___ DATA SUPPLIED

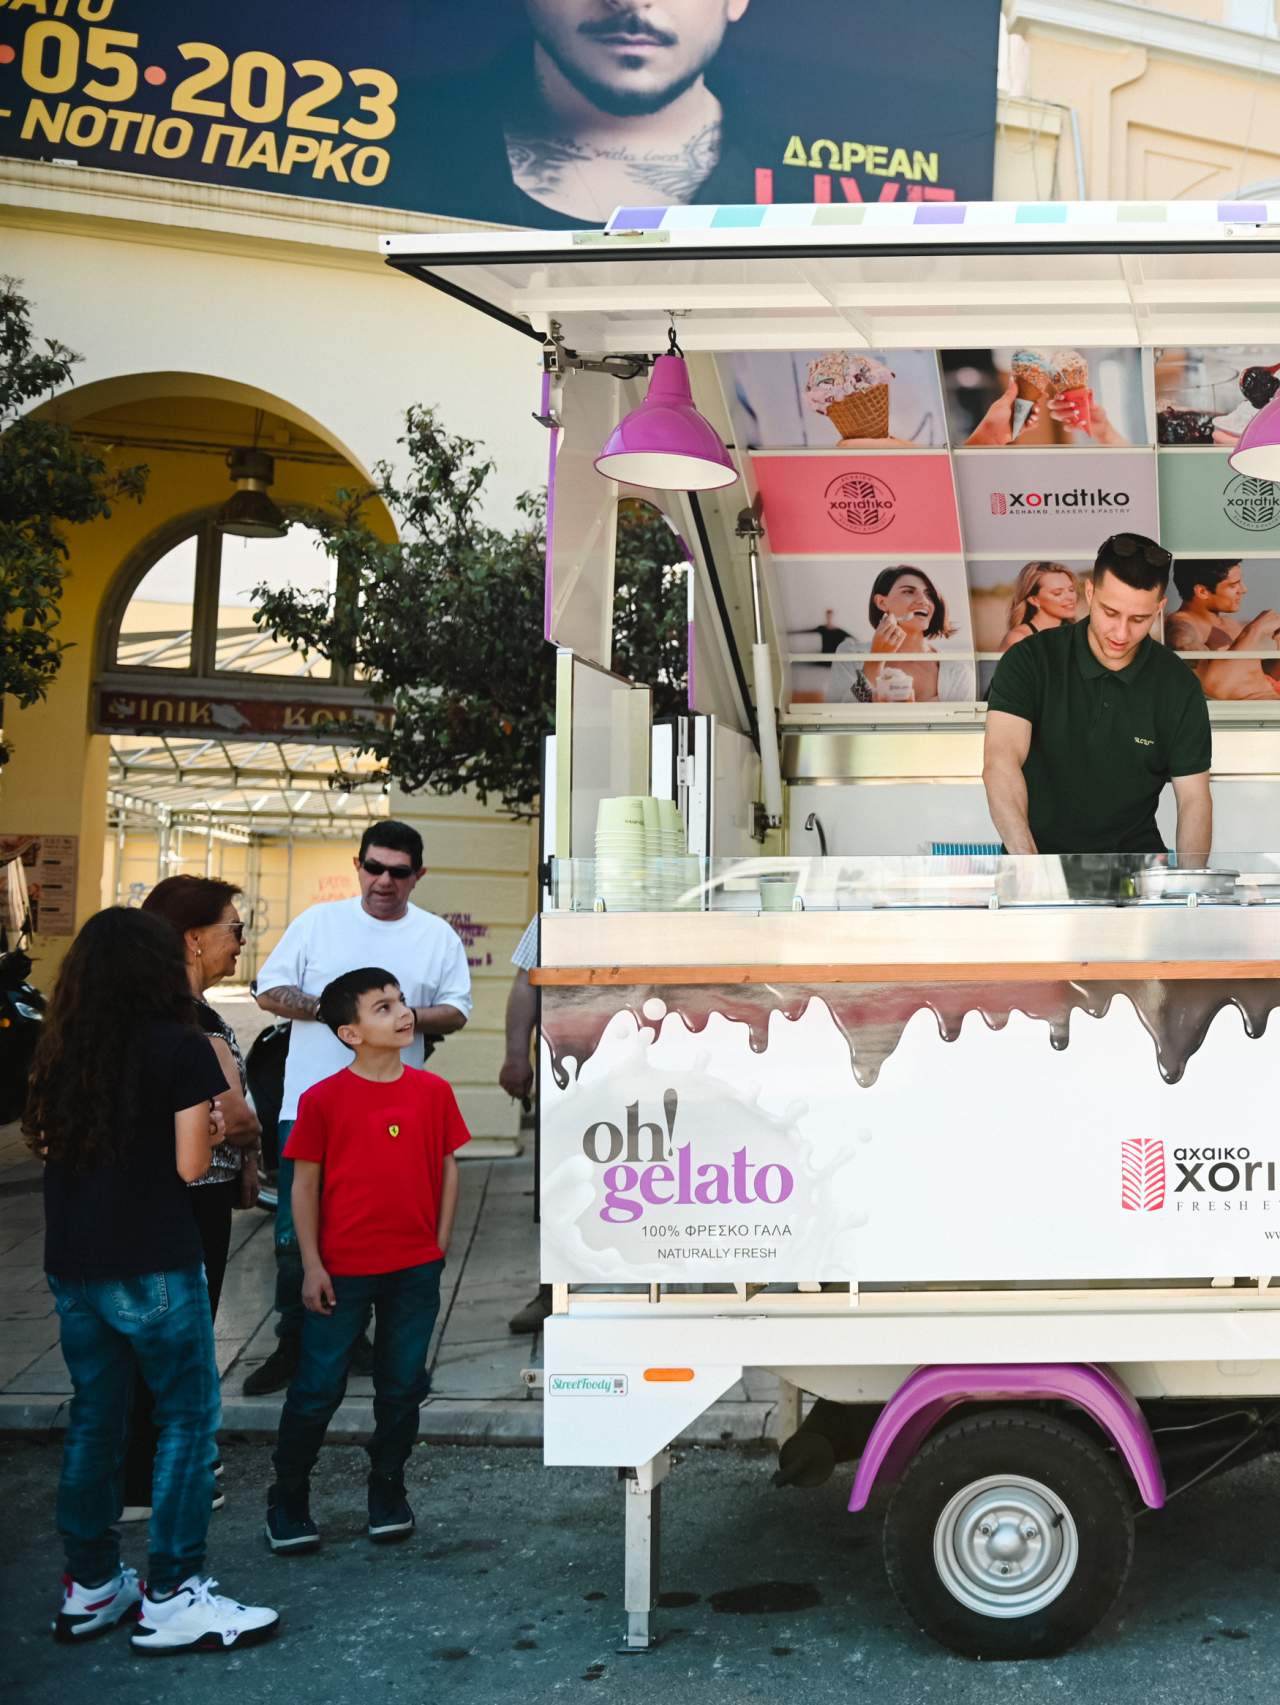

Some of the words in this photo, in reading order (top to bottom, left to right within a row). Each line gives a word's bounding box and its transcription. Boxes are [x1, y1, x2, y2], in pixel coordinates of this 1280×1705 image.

[20, 98, 195, 160] ΝΟΤΙΟ
[200, 131, 391, 187] ΠΑΡΚΟ
[783, 135, 938, 183] ΔΩΡΕΑΝ
[582, 1088, 678, 1163] oh!
[599, 1141, 794, 1223] gelato
[1176, 1199, 1249, 1212] FRESH
[641, 1224, 681, 1237] 100%
[684, 1224, 749, 1237] ΦΡΕΣΚΟ
[753, 1223, 792, 1237] ΓΑΛΑ
[657, 1248, 730, 1260] NATURALLY
[733, 1247, 777, 1259] FRESH

______

■ TASK DIRECTIONS: Every record above must be printed exactly, except for its images.

■ COMPLETED EXERCISE:
Some of the words in this photo, in reading order (top to bottom, left to right within a row). Each line gives a word's bounding box and its transcription. Boxes are [x1, y1, x2, y2], in pixel coordinates of this 1280×1705 image.

[20, 98, 195, 160] ΝΟΤΙΟ
[200, 131, 391, 187] ΠΑΡΚΟ
[783, 135, 938, 183] ΔΩΡΕΑΝ
[582, 1088, 678, 1163] oh!
[599, 1141, 794, 1223] gelato
[1176, 1199, 1249, 1212] FRESH
[641, 1224, 681, 1237] 100%
[684, 1224, 749, 1237] ΦΡΕΣΚΟ
[753, 1223, 792, 1237] ΓΑΛΑ
[657, 1248, 730, 1260] NATURALLY
[733, 1247, 777, 1259] FRESH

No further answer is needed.